Woah, slow down there bub. When you say that the Laffer Curve has been discredited, do you sincerely believe that raising tax rates does not decrease economic activity, lowering tax rates does not increase economic activity and that somewhere between a tax rate of 0% and 100% there is not an optimal point where the government maximizes its revenue/tax rate?
Reasonable people can certainly argue about where that optimized point is, whether its 20% 30% or 40%. Reasonable people can also argue if that optimal tax rate brings in enough revenue to cover a liabilities on a balance sheet but your blanket dismissal of the “discredited” Laffer curve tells me that you either don’t understand it or are just looking for a way to score some cheap political points.
#2 Posted by Mike H, CJR on Wed 3 Mar 2010 at 02:34 PM
Reading the article, and at face value, Mike H is exactly right. I'm assuming that Mr. Chittum believed that the tax rate was already below that needed to generate maximum revenue.
...but that wasn't what was said in the article.
And while Friedman's article about Intel and Otellini comes across as sounding extreme, there are elements of truth there, too.
The trick is in finding the optimum tax code, then living within it. Sounds easy, no?
#3 Posted by JohnW, CJR on Wed 3 Mar 2010 at 06:59 PM
Mike, John--
The Laffer Curve in the world we live in has been discredited. I understand if you tax somebody at 90%, say, things probably change. But we're far from it.
#4 Posted by Ryan Chittum, CJR on Wed 3 Mar 2010 at 09:16 PM
Yes, isn't the principle of the Laffer Curve the idea that tax cuts raise government revenue, which was used to justify the huge Reagan tax cuts and the huge Bush tax cuts? How has that worked out?
Obviously there is no metrics and obviously there is no complete, objective, testable formulations of the theory (show me the math, not the pictures) and obviously there is no regard to income level such as how a tax cut for the wealthy merely adds to a hoard of liquidity, but not actually increase any economic activity to be taxed.
The Laffer curve, as a matter of economic science, is laffable.

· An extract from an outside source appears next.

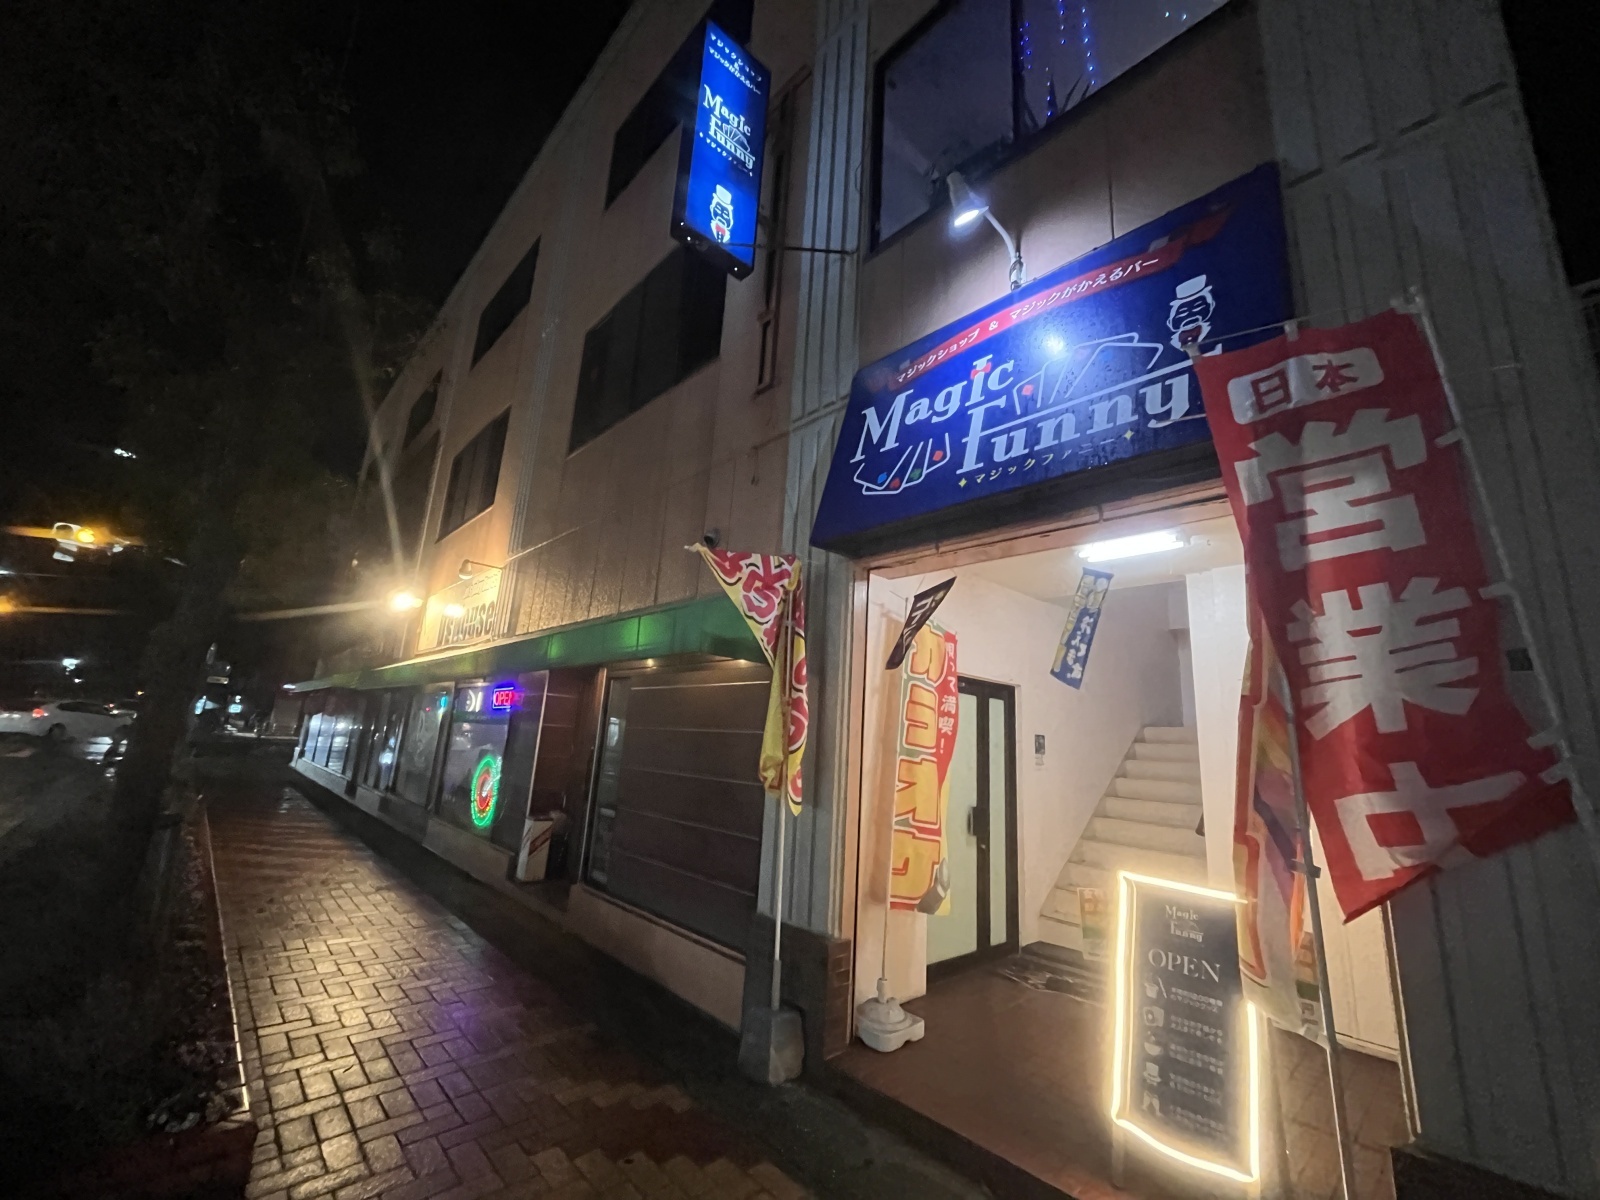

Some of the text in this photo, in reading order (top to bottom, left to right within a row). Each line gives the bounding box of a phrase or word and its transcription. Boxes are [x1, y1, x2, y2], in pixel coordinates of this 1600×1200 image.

But if we're going to take the Laffer curve seriously ask Bruce Bartlett about it:
http://www.capitalgainsandgames.com/blog/bruce-bartlett/1102/laffer-curve-revisited
http://www.forbes.com/2009/09/24/fiscal-spending-taxes-opinions-columnists-bruce-bartlett.html
#5 Posted by Thimbles, CJR on Wed 3 Mar 2010 at 11:27 PM
What the laffer curve is used for is the political purpose of being a Santa Claus.
Jude Wanniski used to talk about how conservatives had a hard time because the democrats were always the Santa Claus; devoting tax revenues to welfare, medicare, and social security while the republicans were always Grinches; cutting taxes which led to cutting programs which led to Mr Potter caricatures. What Wanniski put forward is that republicans could be two santa clauses:
http://en.wikipedia.org/wiki/Jude_Wanniski
They could cut taxes AND increase programs based on projected revenues from laffable economics (or was it voodoo economics. Oh, I can't remember).
But the real success was that it put their opponents in the position of bad guy unless they opted to be as irresponsible as they were. The responsible party would either have to be a raise taxes Grinch or a cut programs Grinch or both. If ever the two santa republicans lost power, the policy future for the successors was sabotaged by the deficit, spending fight they'd inherit. And the successors, not the Santa clauses would be held responsible.
It's not an economic theory, it's a strategy for political warfare.